*Exercise directions*
When copying the records below, keep every word as it is and drop the images.

*Given records*
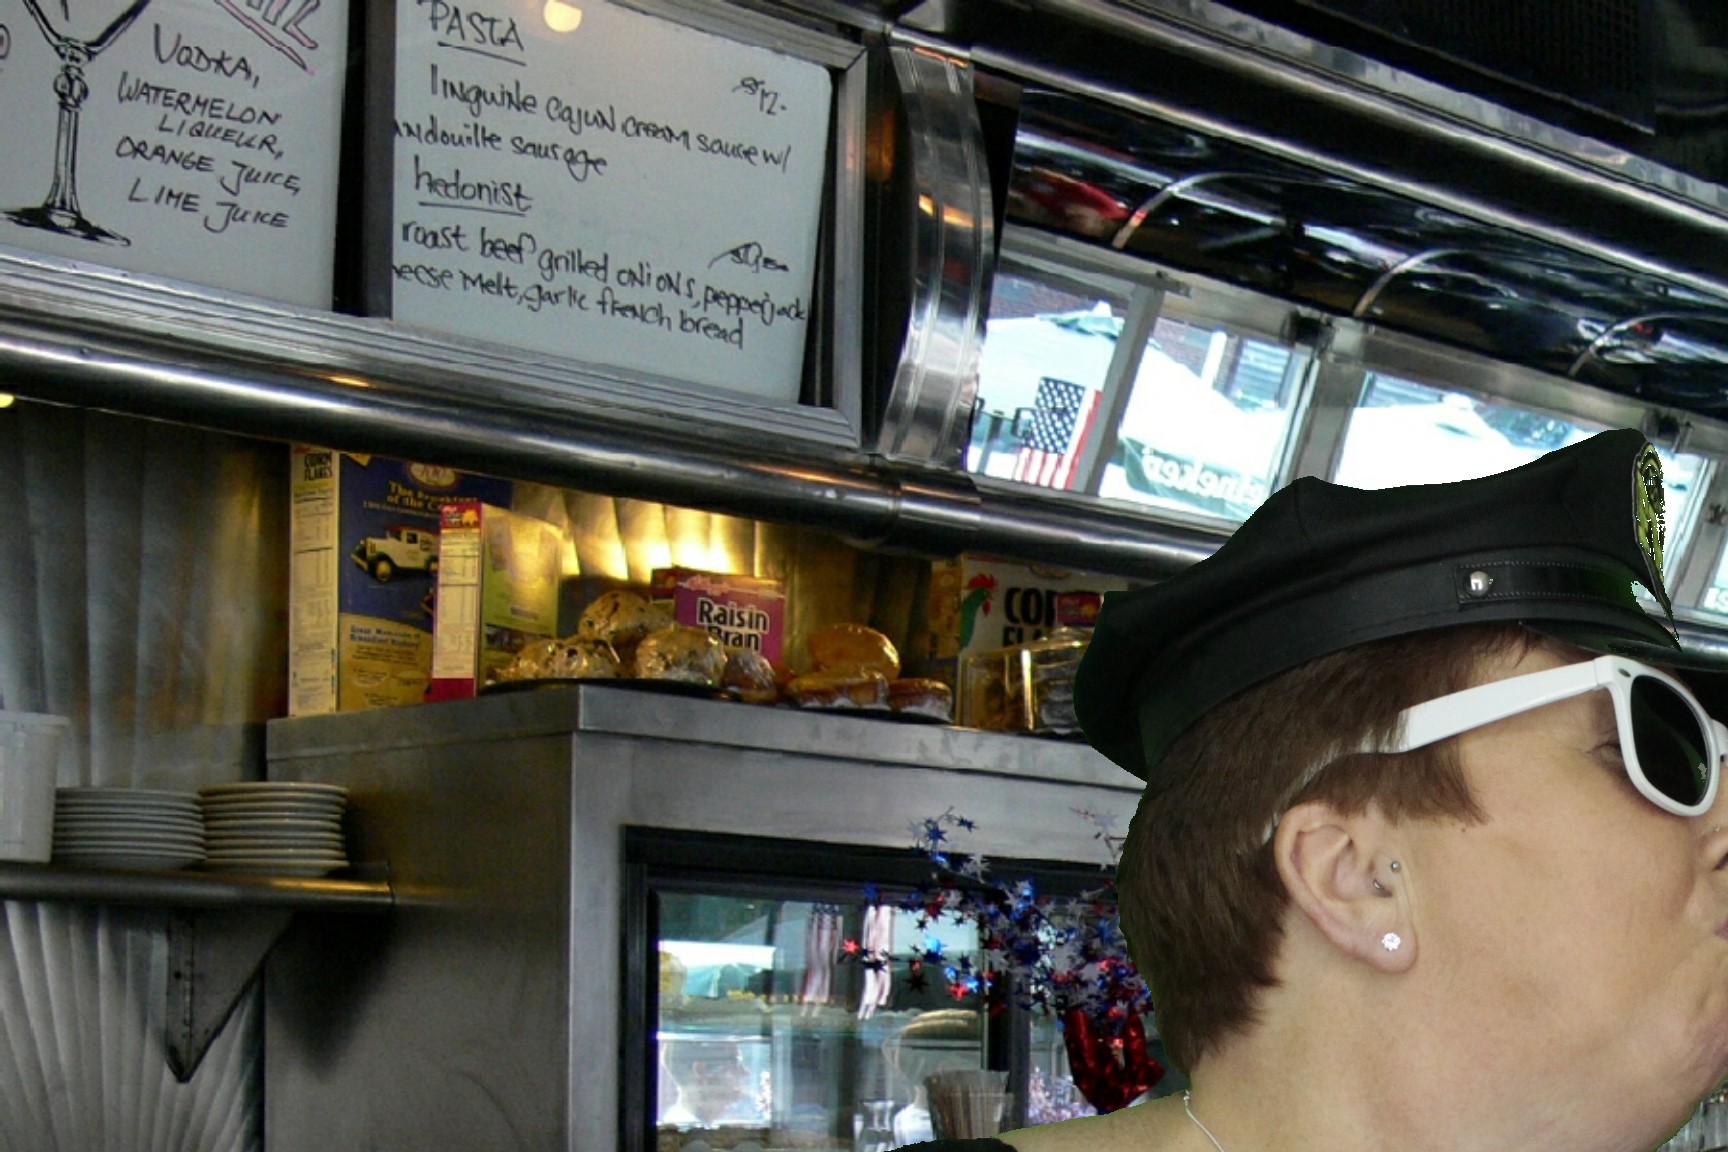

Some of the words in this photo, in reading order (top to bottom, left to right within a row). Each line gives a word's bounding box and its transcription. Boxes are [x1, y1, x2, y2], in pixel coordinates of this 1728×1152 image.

[417, 0, 525, 50] PASTA
[118, 72, 282, 125] WATERMELON
[116, 136, 214, 173] ORANGE
[159, 114, 283, 158] LIQUEUR,
[129, 178, 200, 213] LIME
[205, 200, 290, 234] JUICE
[414, 154, 533, 212] hedonist
[402, 220, 469, 250] roast
[481, 226, 537, 264] beef
[539, 248, 609, 283] grilled
[680, 309, 744, 350] bread
[697, 598, 770, 634] Raisin

*Result of the exercise*
Some of the words in this photo, in reading order (top to bottom, left to right within a row). Each line gives a word's bounding box and its transcription. Boxes are [x1, y1, x2, y2], in pixel coordinates of this 1728×1152 image.

[417, 0, 525, 50] PASTA
[118, 72, 282, 125] WATERMELON
[116, 136, 214, 173] ORANGE
[159, 114, 283, 158] LIQUEUR,
[129, 178, 200, 213] LIME
[205, 200, 290, 234] JUICE
[414, 154, 533, 212] hedonist
[402, 220, 469, 250] roast
[481, 226, 537, 264] beef
[539, 248, 609, 283] grilled
[680, 309, 744, 350] bread
[697, 598, 770, 634] Raisin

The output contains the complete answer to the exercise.